No. 18]; and the District’s reply in support of its stay motion (“Stay Reply”) [Dkt. No. 20].
M.M. is a five-year-old child residing with his parents, Gregory Masucci and
Maya Weschler, in the District of Columbia. R&R 2. M.M. is autistic and has Attention Deficit
Hyperactivity Disorder, and he is disabled within the meaning of the Individuals with Disabilities
Education Act (“IDEA”), 20 U.S.C. §§ 1400 et seq. Id. In an effort to address M.M.’s special
needs, DCPS placed M.M. in an autism program at Tyler Elementary School (“Tyler”), a public
school. Id. M.M.’s parents objected to several features of this placement, and on March 8, 2013,
M.M.’s parents filed an administrative due process complaint with DCPS, alleging various
violations of the IDEA.
In their due process complaint, the parents alleged that DCPS had not properly
implemented M.M.’s individualized education program (“IEP”) during part of the 2012-13
school year.

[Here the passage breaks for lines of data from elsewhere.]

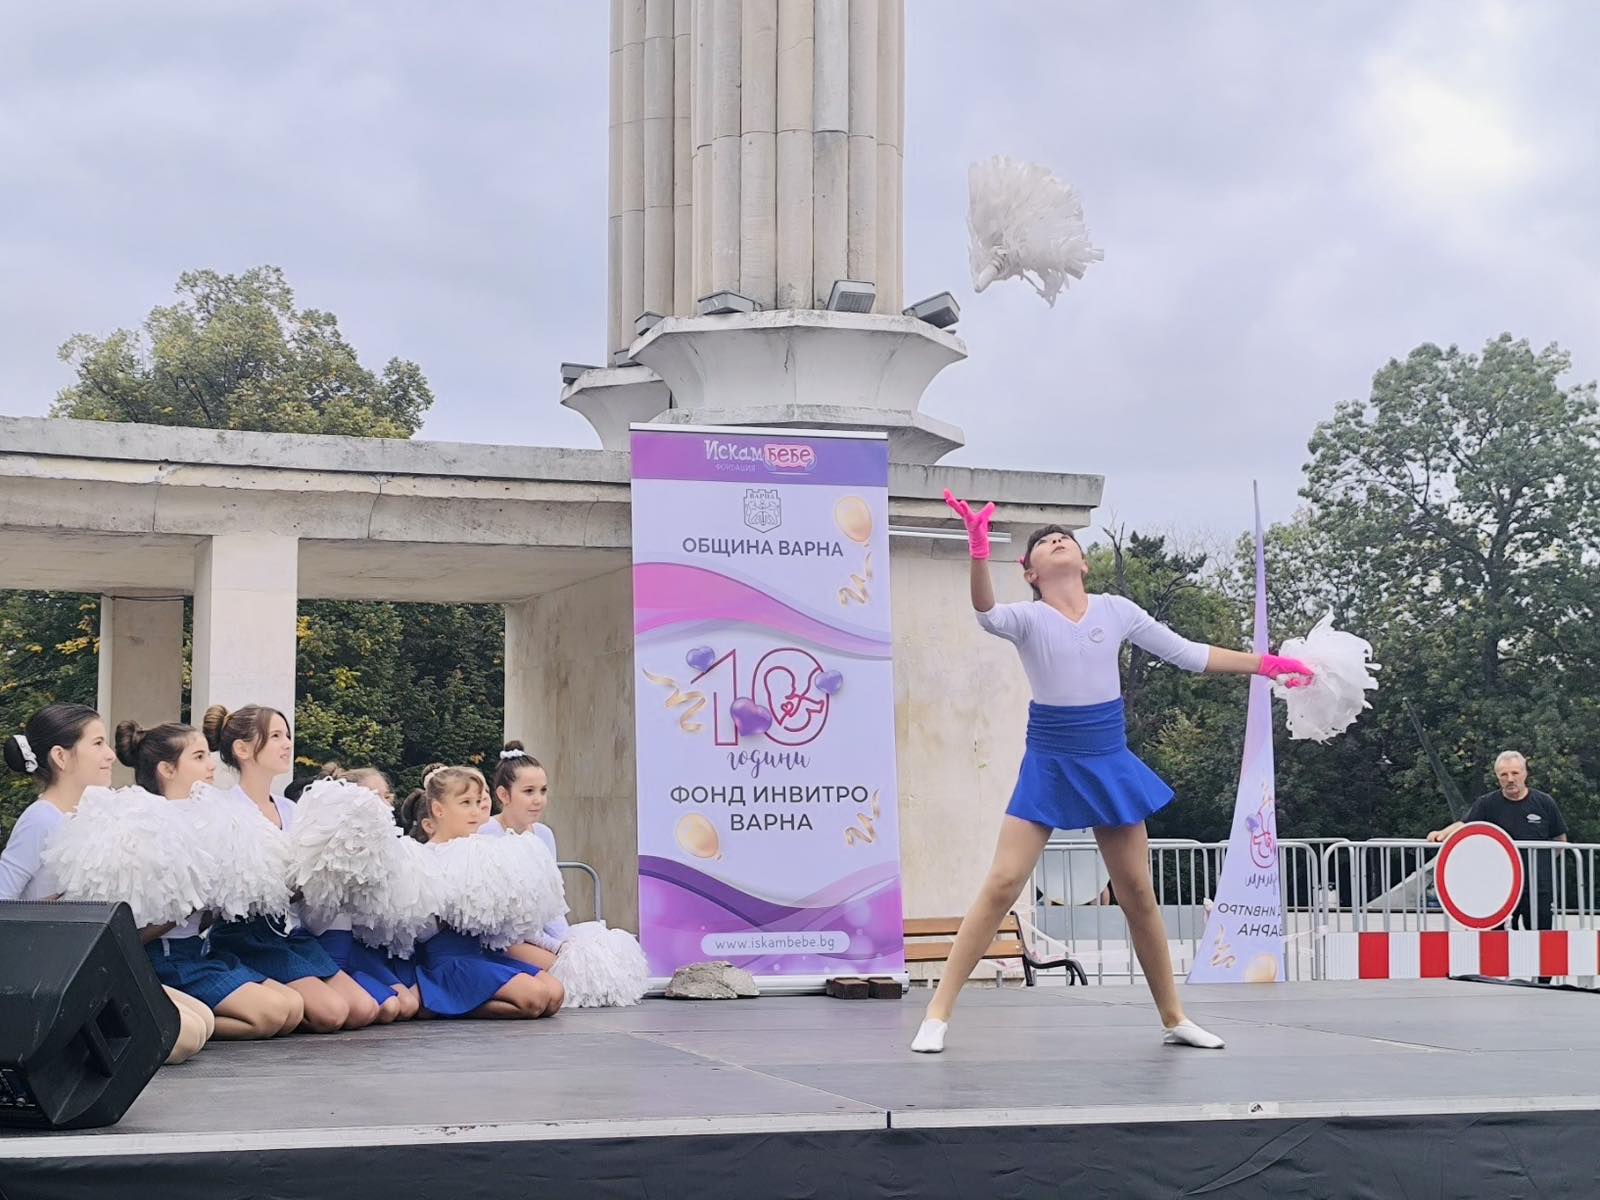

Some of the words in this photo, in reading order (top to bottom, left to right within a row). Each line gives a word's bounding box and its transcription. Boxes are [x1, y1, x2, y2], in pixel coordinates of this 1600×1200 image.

[682, 537, 773, 558] ОБЩИНА
[779, 540, 844, 557] ВАРНА
[690, 648, 830, 746] 10
[727, 749, 811, 778] години
[670, 785, 746, 806] ФОНД
[753, 785, 869, 804] ИНВИТРО
[730, 813, 814, 831] ВАРНА
[714, 934, 835, 950] www.iskambebe.bg

Due Process Compl. 12 (AR 16). They also alleged that the IEPs developed in
November 2012 and February 2013 were inappropriate and procedurally defective. Id. The
parents believed that these problems had caused delays in M.M.’s verbal, social, and behavioral
skills. Id. at 7, 11 (AR 11, 15). The parents requested, as a remedy for these alleged violations
of the IDEA, that DCPS be ordered to place and fund M.M. at a separate day school for children
with autism. Id. at 12 (AR 16).
The parents’ concerns were considered at an administrative due process hearing
held on May 8 and May 9, 2013. HOD 1 (AR 898); see also May 8 Tr.; May 9 Tr. On May 28,
2013, the hearing officer issued his decision. HOD 1 (AR 898). The hearing officer found that
M.M.’s parents had not established that M.M.’s IEPs were inappropriate or improperly
developed, or that the educational services provided at Tyler as of May 2013 were inappropriate.
Id. at 19-27 (AR 916-24). The hearing officer concluded, however, that DCPS had failed to
properly implement M.M.’s IEP during the first several months of the 2012-2013 school year,
thus denying M.M. a free and appropriate public education (“FAPE”), required by statute, during
that time period. Specifically, the hearing officer found that Tyler did not provide a special
education teacher in M.M.’s classroom for several months, id. at 24-26 (AR 921-23), and failed
to collect Applied Behavior Analysis (“ABA”) data, as required by M.M.’s IEP. Id. The hearing
officer also found that the Tyler staff had corrected these problems by the date of the hearing, but
he ordered DCPS to provide compensatory education to M.M., in order to remedy the harm
resulting from the missed services. Id. at 29 (AR 926). The hearing officer directed DCPS to
place M.M. for one year at a private school that met the following criteria: a school that
primarily provided services to students with autism; that used ABA methodology; that provided
one-to-one instruction; and that held a valid certificate of approval from the Office of the State
Superintendent of Education. Id. The hearing officer also directed DCPS to convene a
placement meeting within 60 calendar days of that order, so that the District and the parents
could determine an appropriate private school for M.M. Id.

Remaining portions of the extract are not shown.